Wednesday, Kazakh Prime Minister Karim Massimov seemed fairly confident in Kuala Lumpur that his country’s $70 billion oil fund would be able to financially back up the 2022 Winter Olympics should they win the vote Friday to host over Beijing, long-considered–despite a lack of real snow–the front-runner.
Other news that broke Wednesday paints a distinctly less confident picture. The Financial Times’s Moscow correspondent Jack Farchy reported that the Kazakh central bank would be buying a 10 percent stake in KazMunaiGaz, the state oil company, and the money would be paid into the country’s sovereign wealth fund:
In a statement on Wednesday, the government said that the price of the stake would be determined by an independent valuation, but would not be less than 750bn tenge ($4bn) – which would be paid by the central bank to Samruk Kazyna, the sovereign wealth fund.
Earlier this month, Kazmunaigas announced plans to transfer half of its 16.9 per cent stake in the Kashagan project to Samruk Kazyna, its parent, for a consideration of $4.7bn in cash.
Perhaps that’s why Massimov, according to Reuters, referred to the oil fund as “like cash in the bank.” Because soon, some of the cash, will literally be from the (central) bank.
The International Olympic Committee is set to vote Friday on whether Almaty or Beijing will host the 2022 Winter Olympics. Kazakhstan’s bid motto is “Keeping it Real” — a direct jab at Beijing’s lack of natural snow.
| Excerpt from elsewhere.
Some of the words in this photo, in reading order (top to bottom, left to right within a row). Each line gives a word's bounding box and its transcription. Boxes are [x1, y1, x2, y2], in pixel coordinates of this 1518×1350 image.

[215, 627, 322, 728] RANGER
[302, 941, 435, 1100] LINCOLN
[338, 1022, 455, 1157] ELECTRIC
One of the risks and challenges noted in the IOC’s June evaluation report was Astana’s ability to pay for the games. “Economic factors,” the report says, “including low oil prices and exchange rate issues, could negatively impact Games preparations and the government’s capacity to provide financial and other support.”
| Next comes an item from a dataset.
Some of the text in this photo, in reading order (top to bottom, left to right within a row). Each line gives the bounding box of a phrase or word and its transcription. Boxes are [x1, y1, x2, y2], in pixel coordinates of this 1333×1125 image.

Kazakhstan’s oil fund is a sovereign wealth fund–as Massimov said is “based on the Norwegian model”–and is supplied by revenues from the country’s oil and gas resources. While economic diversification has been a huge part of several state initiatives, nearly 70 percent of Kazakh exports are petroleum products of one sort or another. The drop in oil prices last year and Russia’s recession had a serious impact on the Kazakh economy–which in 2014 had a growth rate of 4.3 percent but is forecasted by the World Bank to grow at only 1.3 percent in 2015.
According to Oleg Kouzmin, an analyst at Renaissance Capital in Moscow quoted by FT, a central bank buying a stake in an energy company is “very unconventional.”
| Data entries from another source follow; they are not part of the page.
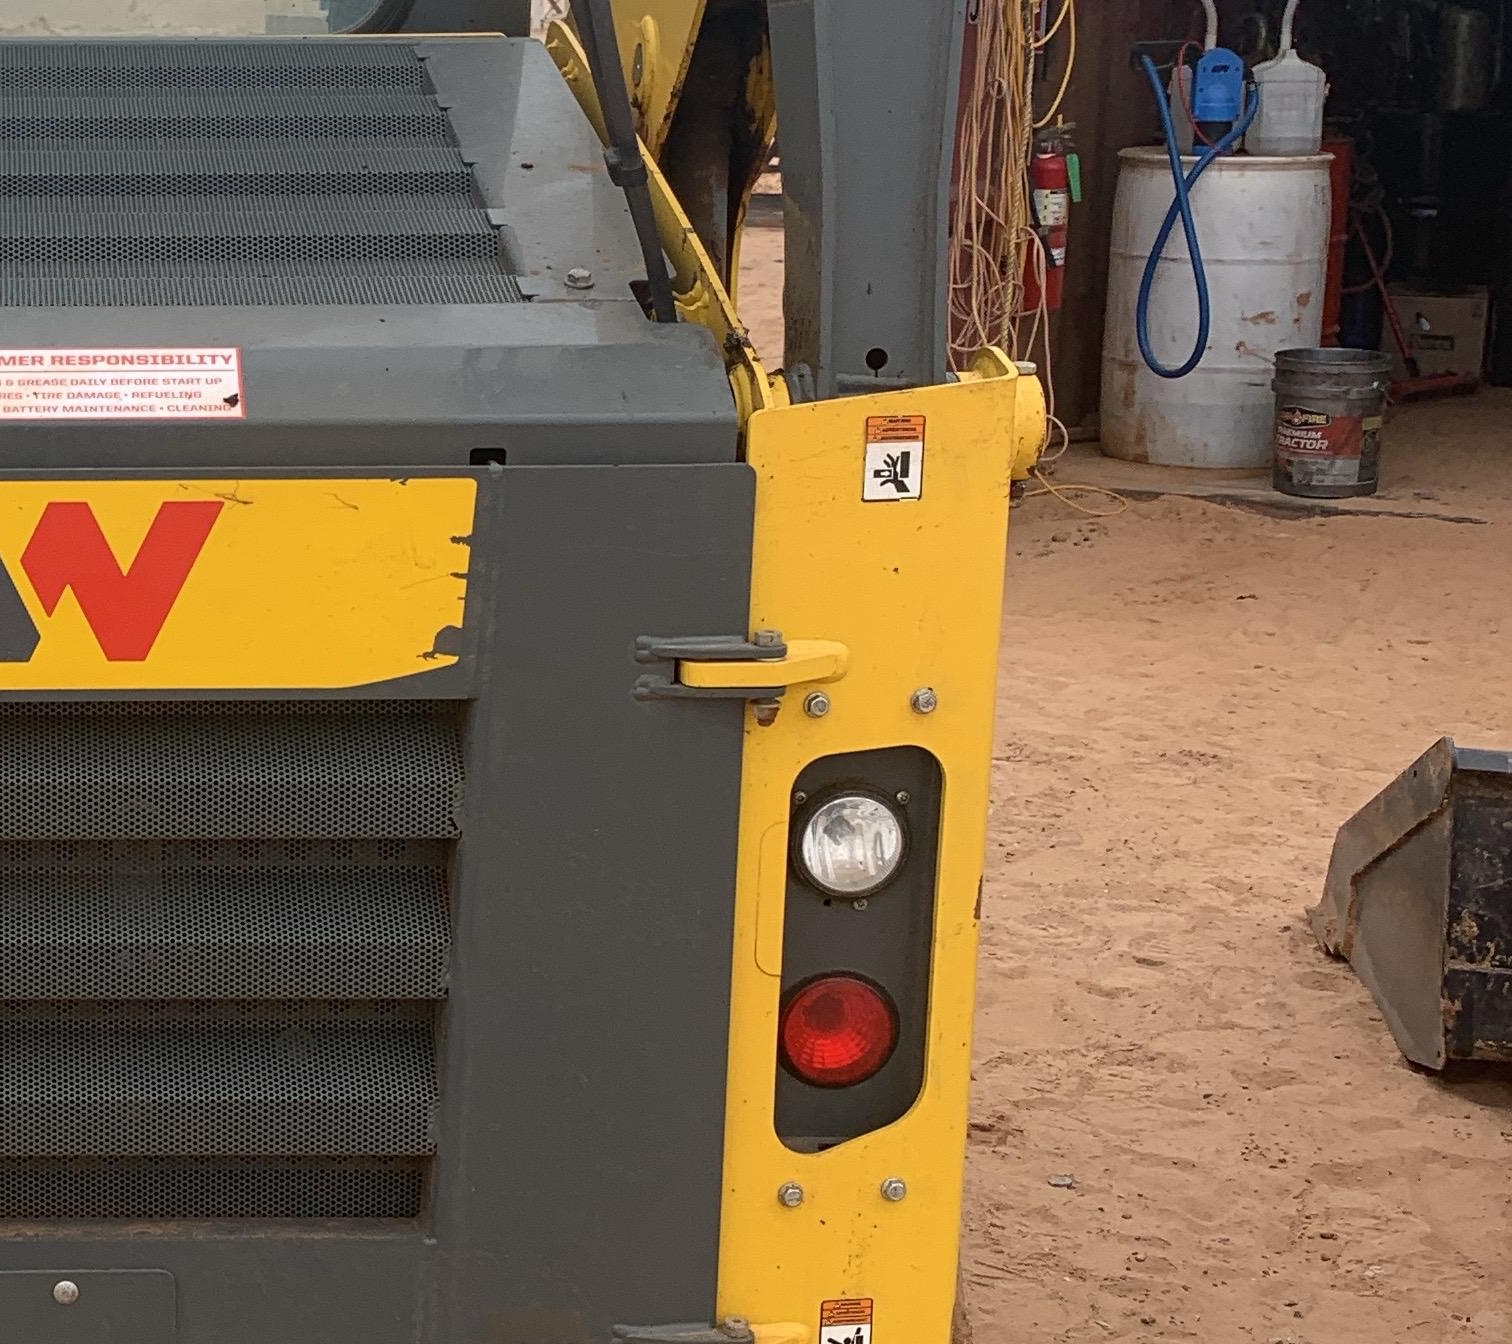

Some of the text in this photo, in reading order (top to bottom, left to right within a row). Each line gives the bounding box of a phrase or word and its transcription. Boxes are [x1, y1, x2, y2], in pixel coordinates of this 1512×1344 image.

[51, 354, 233, 366] RESPONSIBILITY
[18, 378, 66, 387] GREASE
[70, 378, 106, 387] DAILY
[110, 378, 157, 386] BEFORE
[162, 377, 201, 386] START
[205, 377, 223, 386] UP
[33, 391, 63, 400] TIRE
[67, 391, 121, 400] DAMAGE
[132, 391, 202, 400] REFUELING
[3, 405, 59, 413] BATTERY
[62, 404, 156, 413] MAINTENANCE
[167, 404, 232, 413] CLEANING
[1277, 435, 1329, 450] RACTOR
KazMunaiGaz’s revenues have fallen in recent months and the state-owned company “ faces $9bn in debt repayments and interest over the next five years,” according to analysis by Sberbank cited by FT. In February, S&P downgraded KazMunaiGaz’s credit rating, and in April, Moody’s did the same.
Still, the Kazakhs are optimistic: the Astana Times published a sugary “good game” editorial earlier this week, writing that “no one who has been following the process closely should be shocked if the underdog comes out on top or be concerned that Almaty would not stage first-class Games.”
For Kazakhstan, the quest for the Olympics–and WTO membership, in a way–are more about image than economics. Massimov essentially confirmed this idea, telling Reuters that “25 years ago we used to be part of the Soviet Union. Now our direction is the World Trade Organisation, OECD, the Olympics. We want to change the image of Kazakhstan.”